One of Christine’s brothers had to go to the front of the home and ring the doorbell and get a staff member to go and check if she was alive or dead.
“The staff came down straight away,” she recalled.
Other relatives have their own stories to tell about the last hours and days of their loved ones.
A number of complaints have been lodged. One such complaint to Carechoice was passed to the company’s senior management team on Wednesday. The complaint concerns a claim by the husband of a resident, who said he was told his wife had enjoyed a walk with a member of staff, despite the fact that she hadn’t walked for years and was a wheelchair user.
Patrick Coyle, whose wife Veronica died on February 8, said he spent seven hours on February 1 trying to get someone in the home to tell him how his wife was. He told the company in an email that when he eventually spoke to a member of staff, they didn’t seem to know who he or his wife was, and confused her with another resident.
Mr Coyle also told the company that he had been waiting for more than two weeks for someone to explain why his wife had been moved from her room.
And he reminded them that the mother of three had tested negative for Covid on January 15 and January 23, after the first vaccine injection on January 22.
She had also remained in self-isolation in Room 2, where she had lived since she entered the home on December 24, 2016. She had not contracted the virus during the previous waves of 2020.
He told them that it was only after she was moved from her room, some time between January 23 and 30, that she caught the virus. She was moved back to her original room about four days before she died.
He also told them: “Veronica was moved back to Room 2 on Thursday the fourth.
“It was a bare empty shell of a room. This was not the room we wanted our wife, mother and grandmother to die in. Sadly, Veronica died at 7.35am on Monday, February 8.
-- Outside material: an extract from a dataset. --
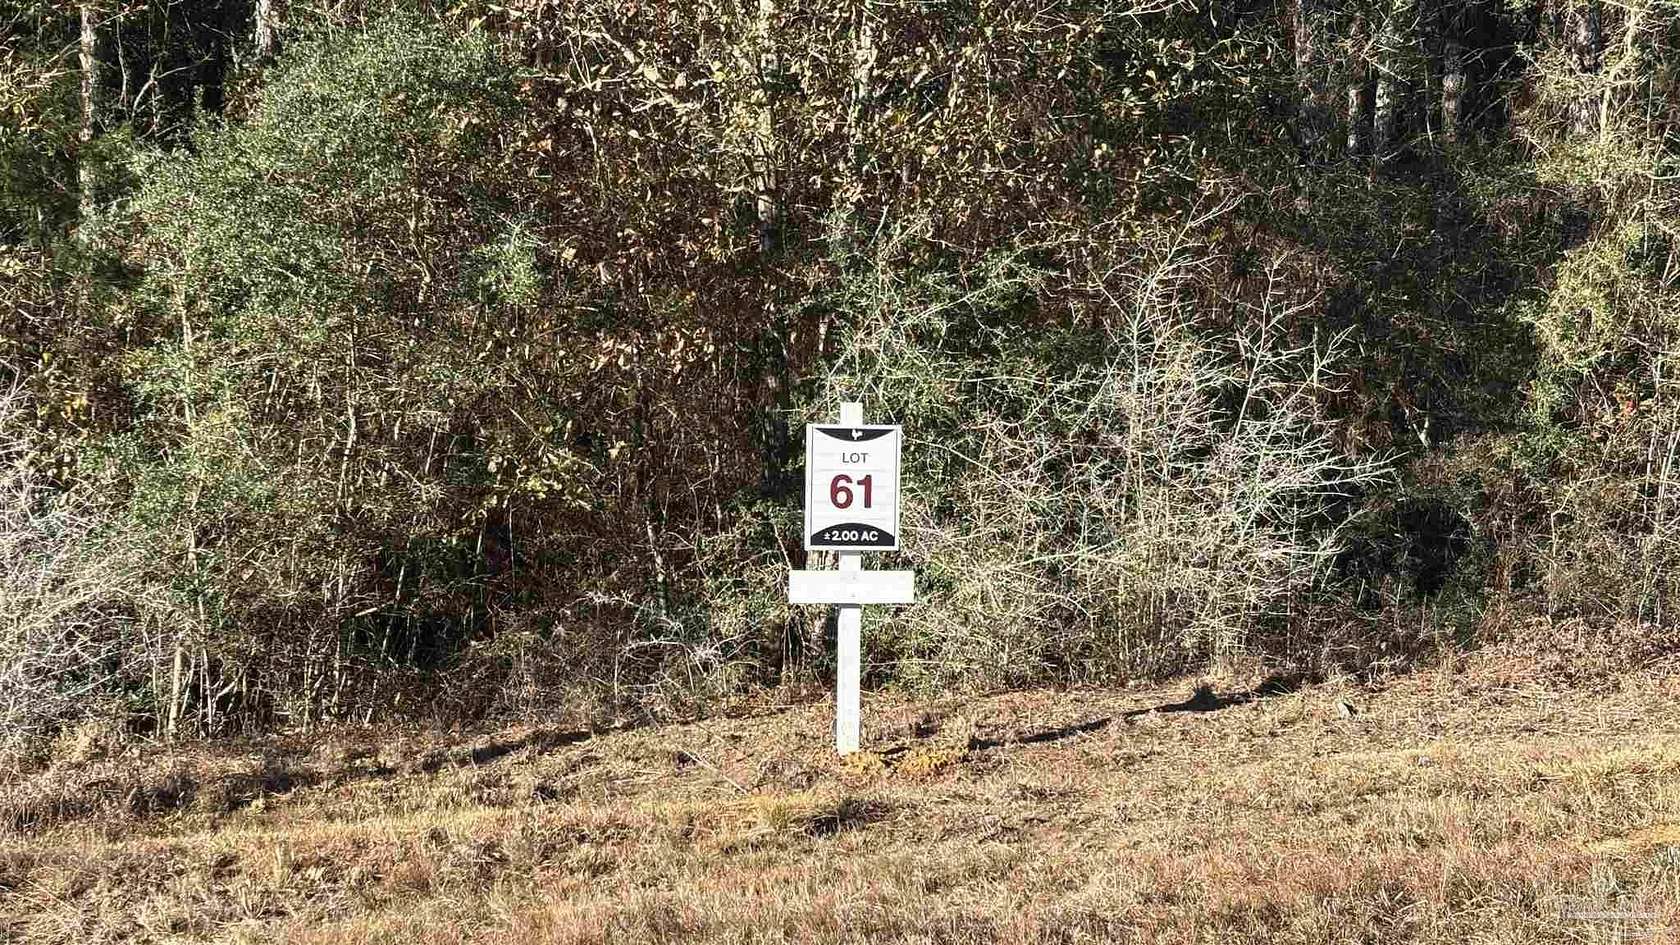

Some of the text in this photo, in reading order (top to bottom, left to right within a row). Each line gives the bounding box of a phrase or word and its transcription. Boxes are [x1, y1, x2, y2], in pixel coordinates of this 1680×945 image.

[842, 452, 869, 464] LOT
[830, 473, 873, 510] 61
[823, 529, 879, 542] ±2.00 AC
“We would like to thank the nursing staff for the care they gave Veronica over her last few days and their kindness to my family and myself when we came in to say goodbye.”
Like all the other relatives, Christine echoes this sentiment about the staff.
“You could not wish for a more professional and caring staff,” she said. “Most of them had to leave the home from the middle to the end of January because of having to self-isolate. But in the years up to that point, the care they gave was second to none.
Teresa Mulcahy, whose mother Margaret Kelleher died on February 6, said: “I am very angry about what happened.
“I am also angry because the home had since last March to be prepared for this outbreak.”
She said her mother, who had six children, 13 grandchildren, and nine great-grandchildren and six children.
“She was fun-loving and loved to be out and about, chatting with people,” she said. “She had a very positive outlook on life,” said Teresa. “Her big thing was that life itself was only a chance, so you might as well enjoy it.
“Things can change in the turn of a coin, so make the most of life, was her attitude.”